Exercise details:
An exact transcription of every entry is required, with the images left out.

Images for object localization:
-*-*-
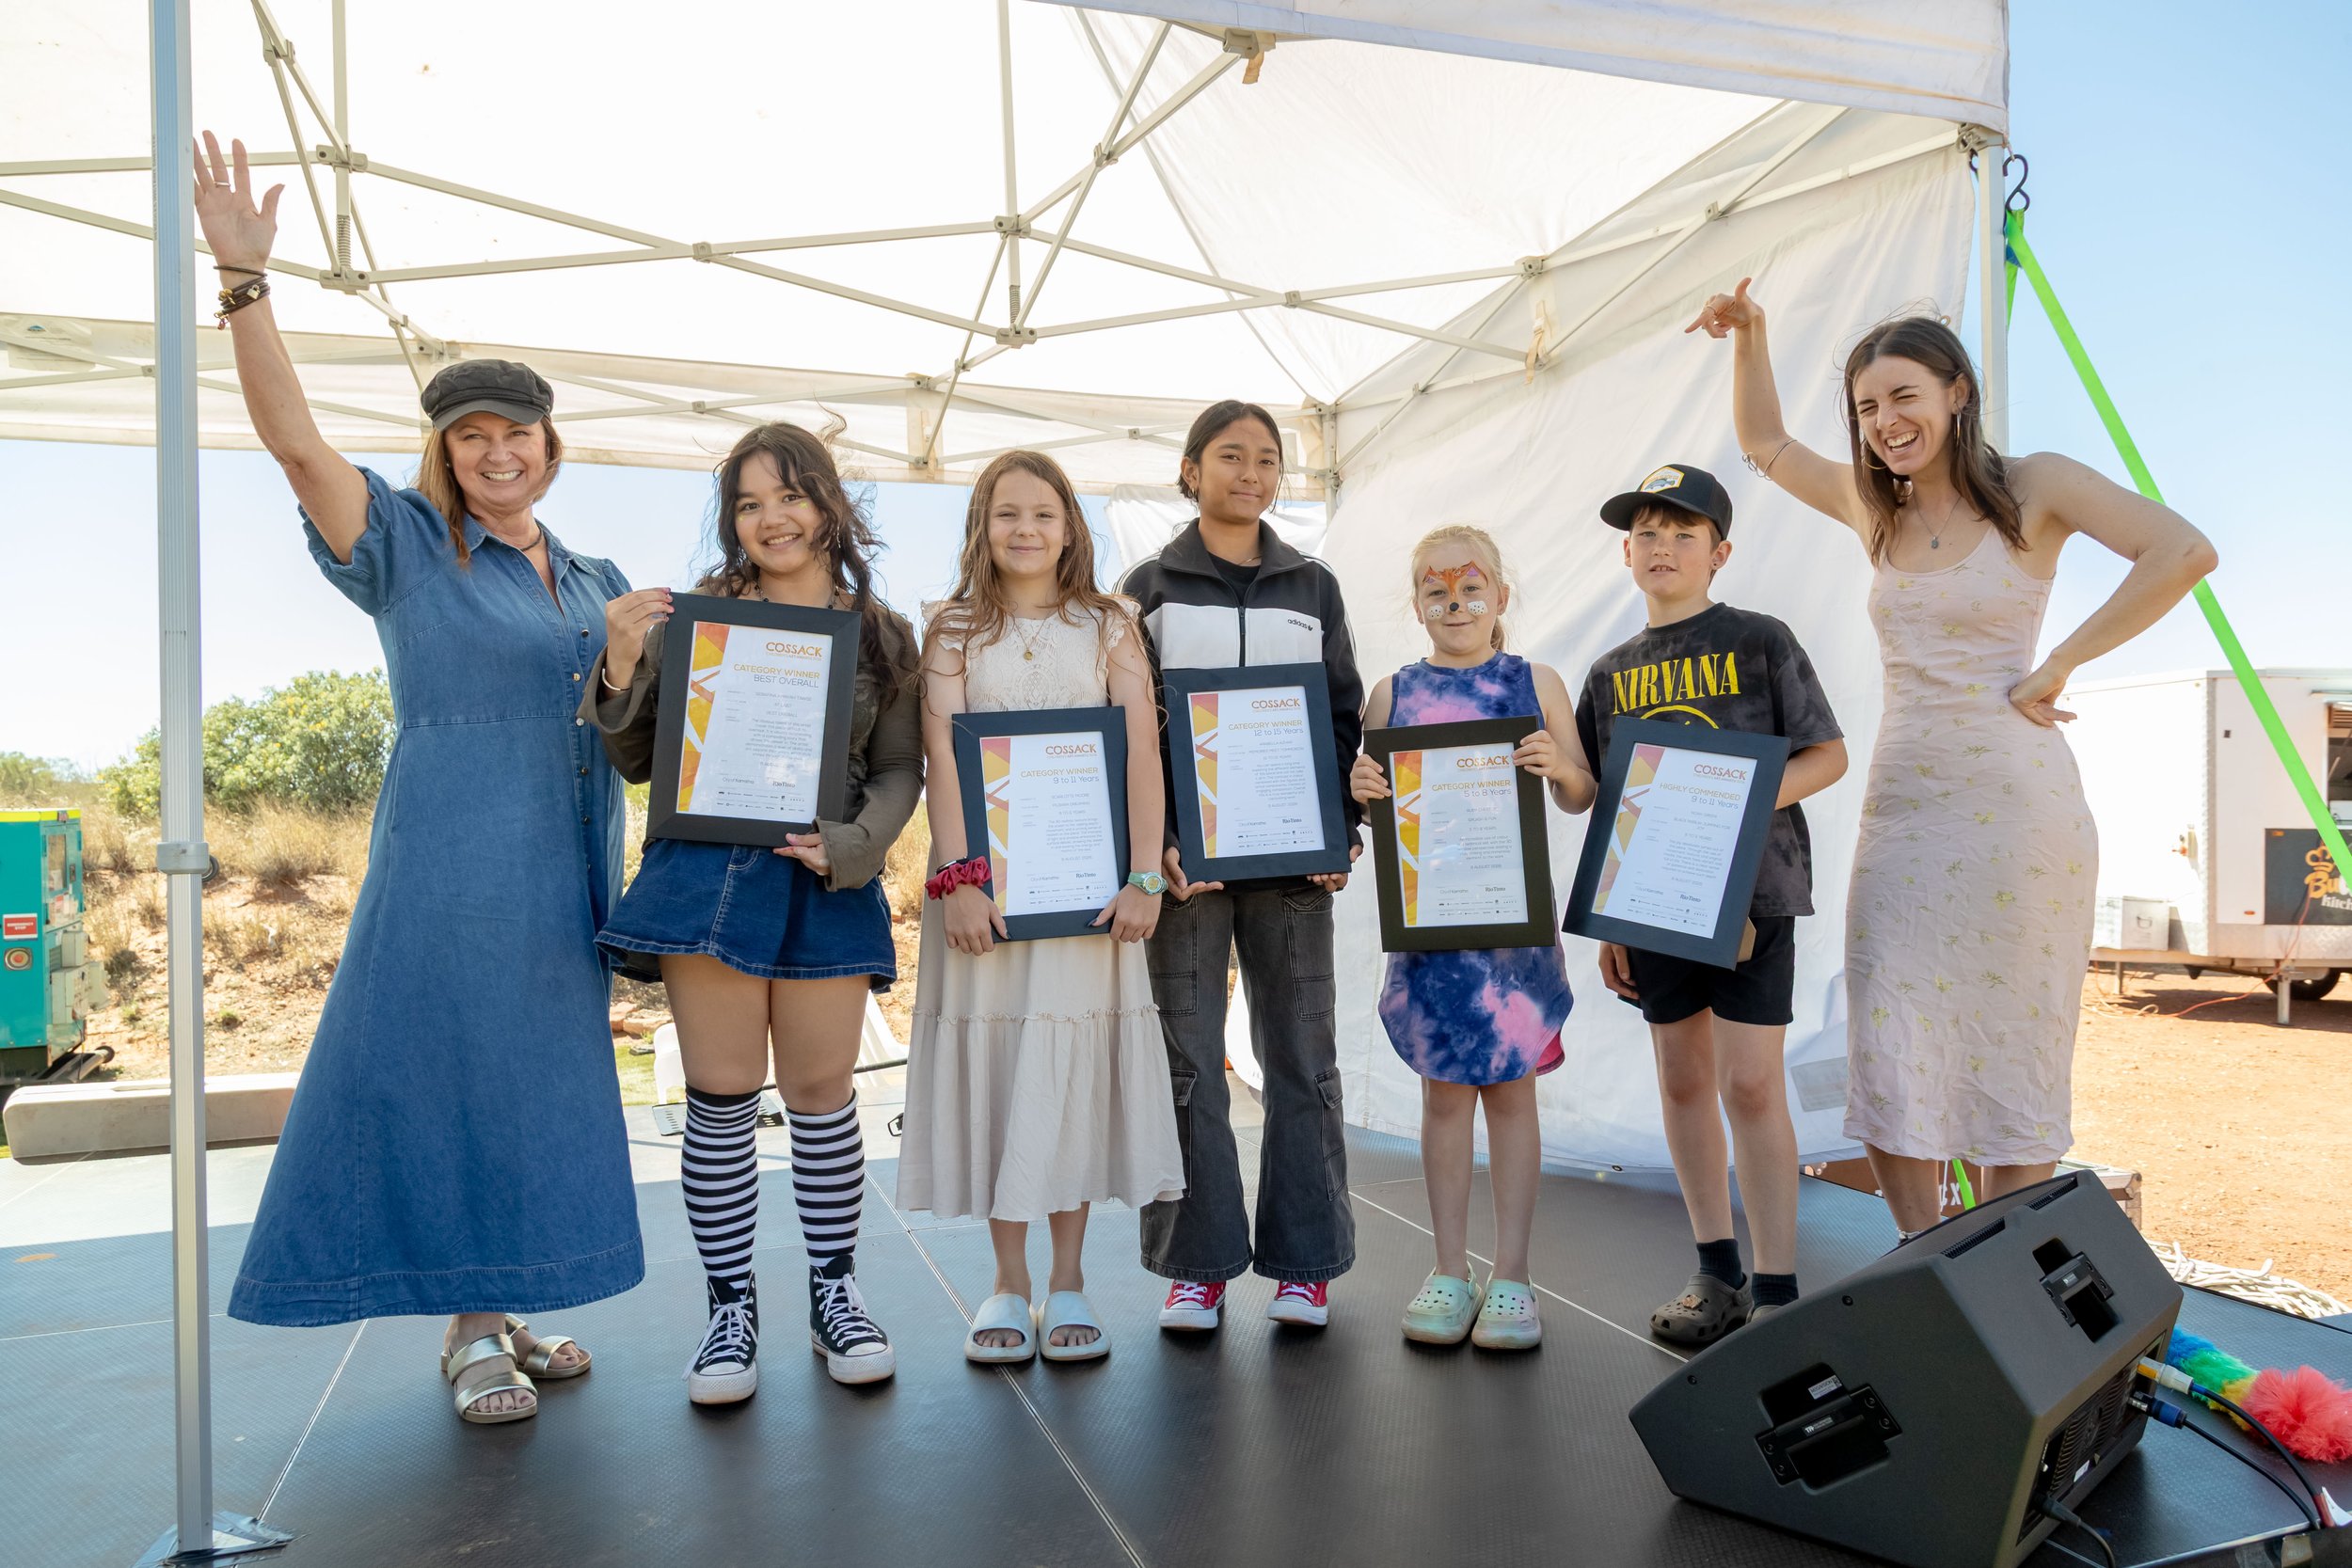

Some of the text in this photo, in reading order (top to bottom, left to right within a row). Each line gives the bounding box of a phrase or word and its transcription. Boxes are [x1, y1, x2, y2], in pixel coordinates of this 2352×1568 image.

[1287, 618, 1308, 629] adidas
[766, 641, 822, 657] COSSACK
[734, 664, 820, 679] CATEGORY WINNER
[754, 674, 819, 688] BEST OVERALL
[1612, 652, 1741, 715] NIRVANA
[1251, 698, 1300, 709] COSSACK
[1228, 721, 1270, 731] CATEGORY
[1046, 744, 1096, 755] COSSACK
[1456, 755, 1509, 768] COSSACK
[1021, 767, 1099, 778] CATEGORY WINNER
[1693, 764, 1747, 780] COSSACK
[1432, 779, 1511, 792] CATEGORY WINNER
[1490, 787, 1512, 796] Years
[1659, 783, 1741, 801] HIGHLY COMMENDED
[1717, 800, 1740, 810] Years
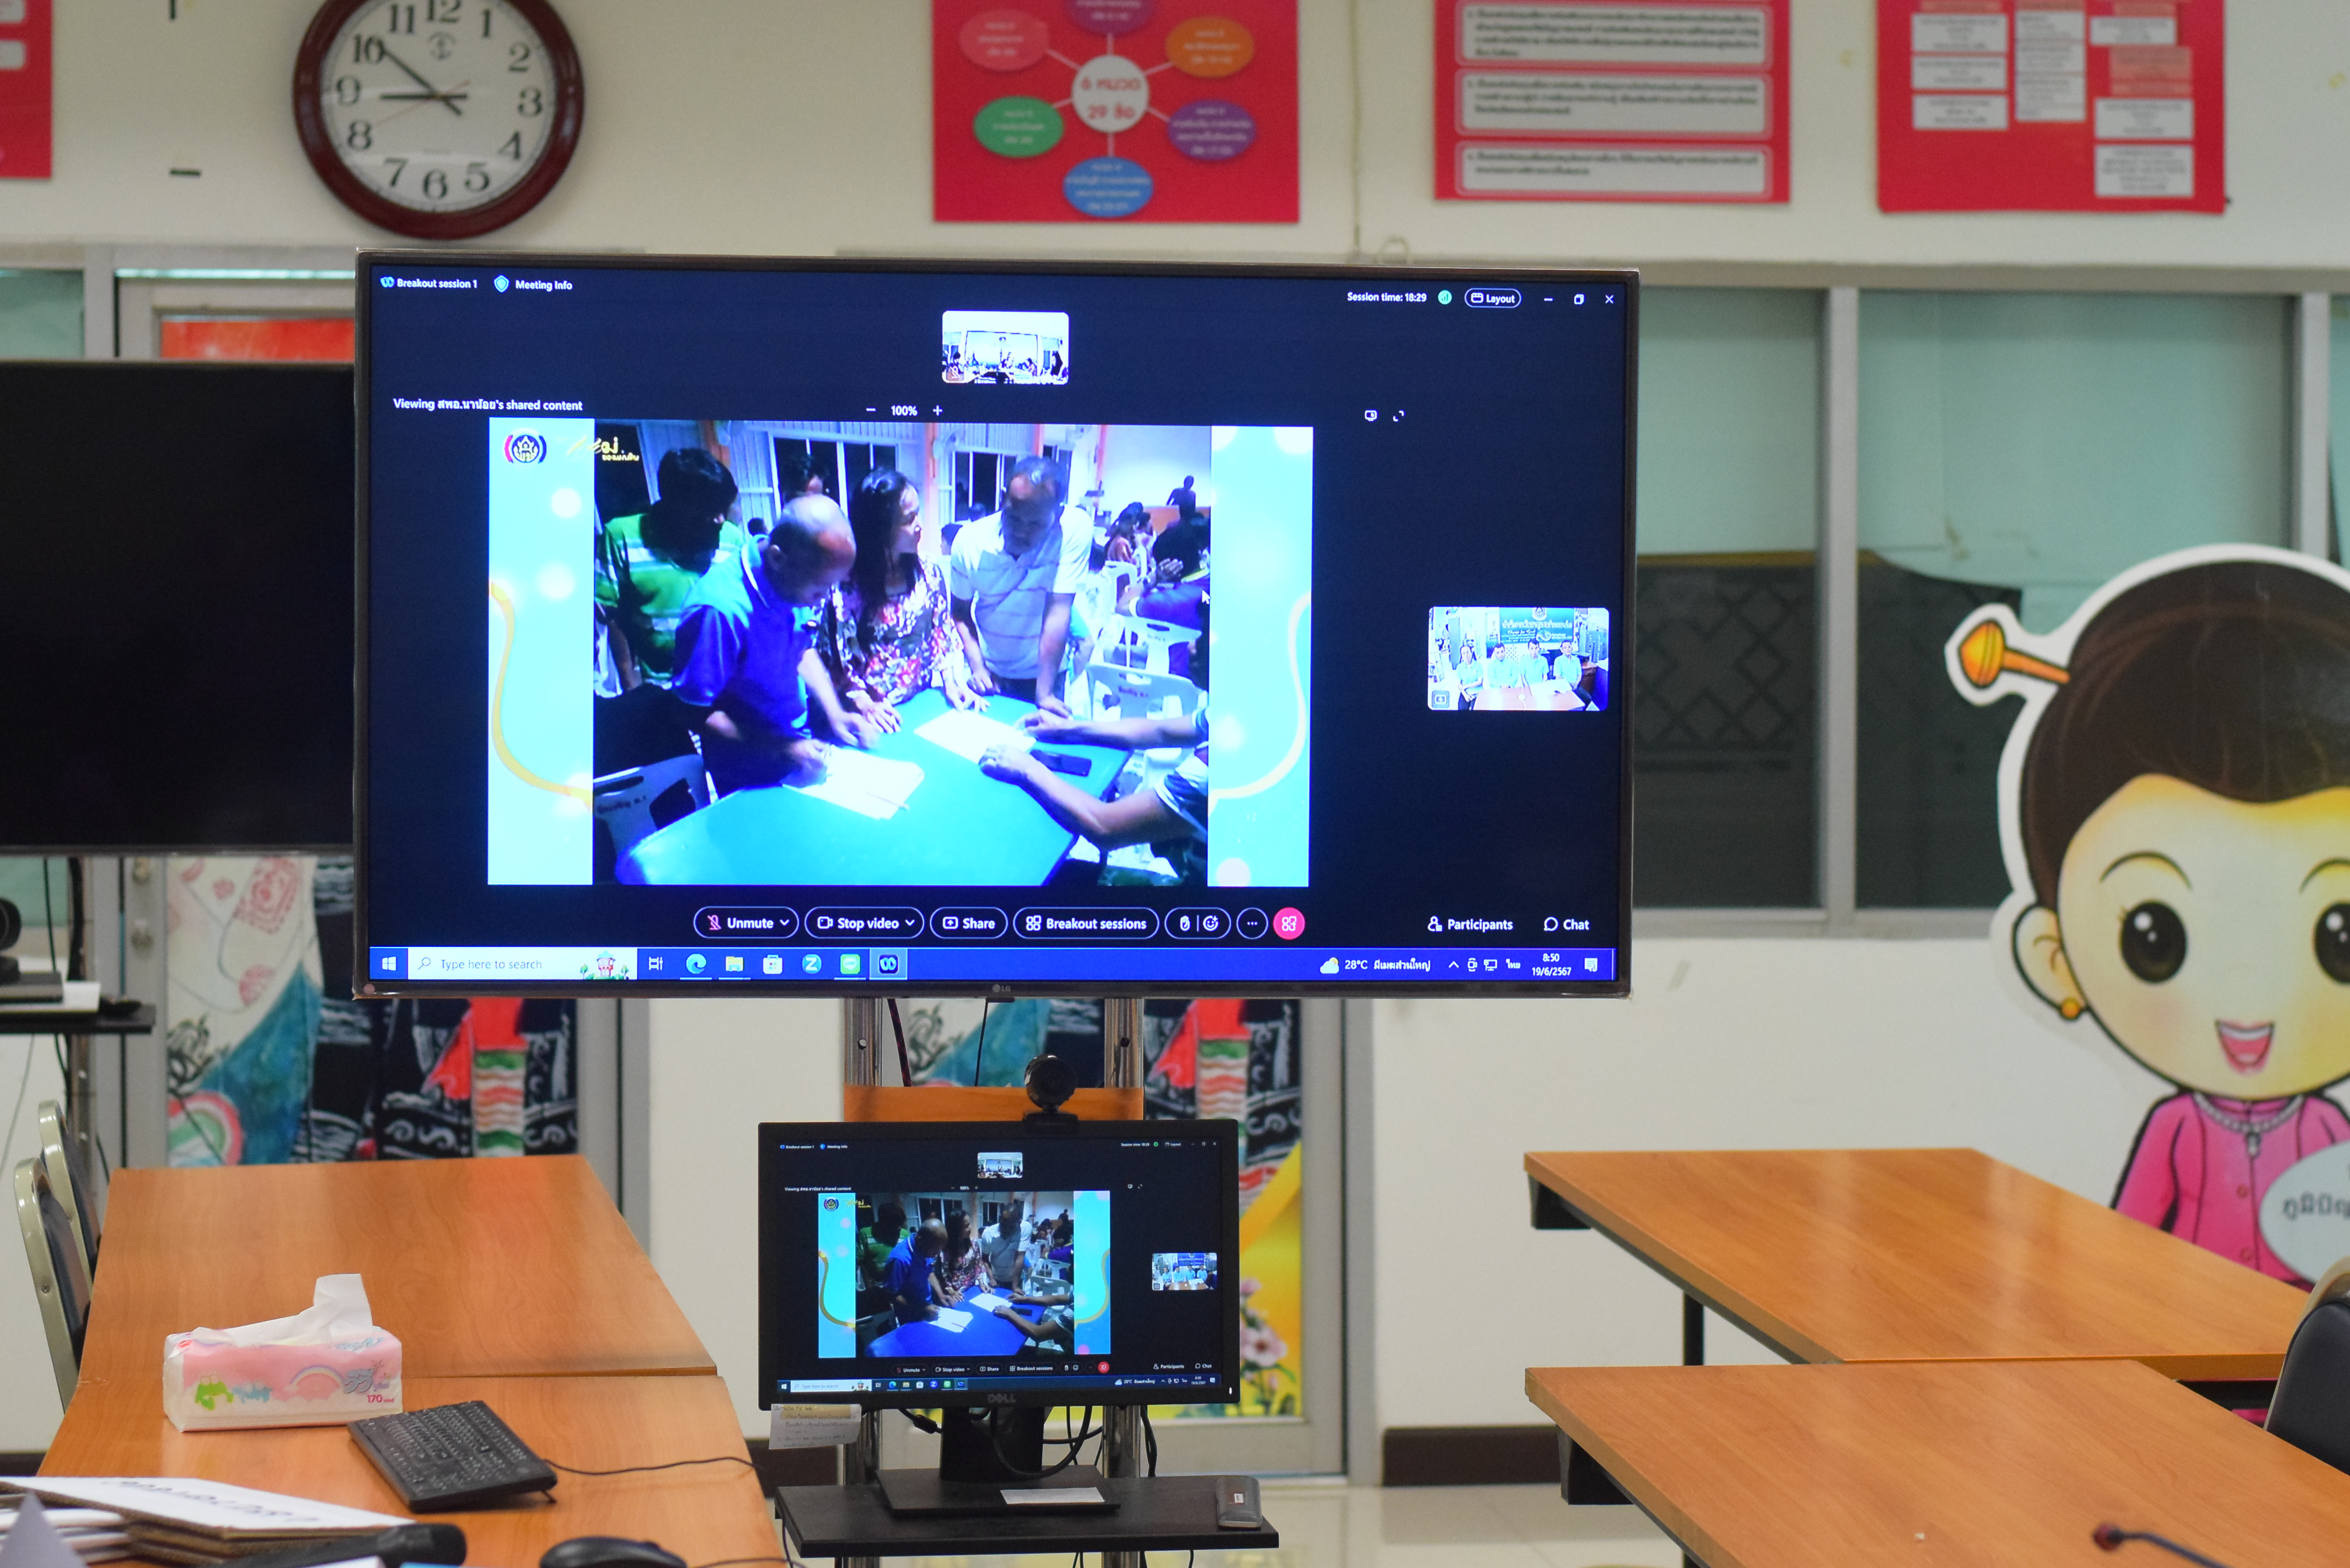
-*-*-
Completed exercise:
Some of the text in this photo, in reading order (top to bottom, left to right within a row). Each line gives the bounding box of a phrase or word and its transcription. Boxes are [x1, y1, x2, y2], in pixel coordinates of this 2352×1568 image.

[1287, 618, 1308, 629] adidas
[766, 641, 822, 657] COSSACK
[734, 664, 820, 679] CATEGORY WINNER
[754, 674, 819, 688] BEST OVERALL
[1612, 652, 1741, 715] NIRVANA
[1251, 698, 1300, 709] COSSACK
[1228, 721, 1270, 731] CATEGORY
[1046, 744, 1096, 755] COSSACK
[1456, 755, 1509, 768] COSSACK
[1021, 767, 1099, 778] CATEGORY WINNER
[1693, 764, 1747, 780] COSSACK
[1432, 779, 1511, 792] CATEGORY WINNER
[1490, 787, 1512, 796] Years
[1659, 783, 1741, 801] HIGHLY COMMENDED
[1717, 800, 1740, 810] Years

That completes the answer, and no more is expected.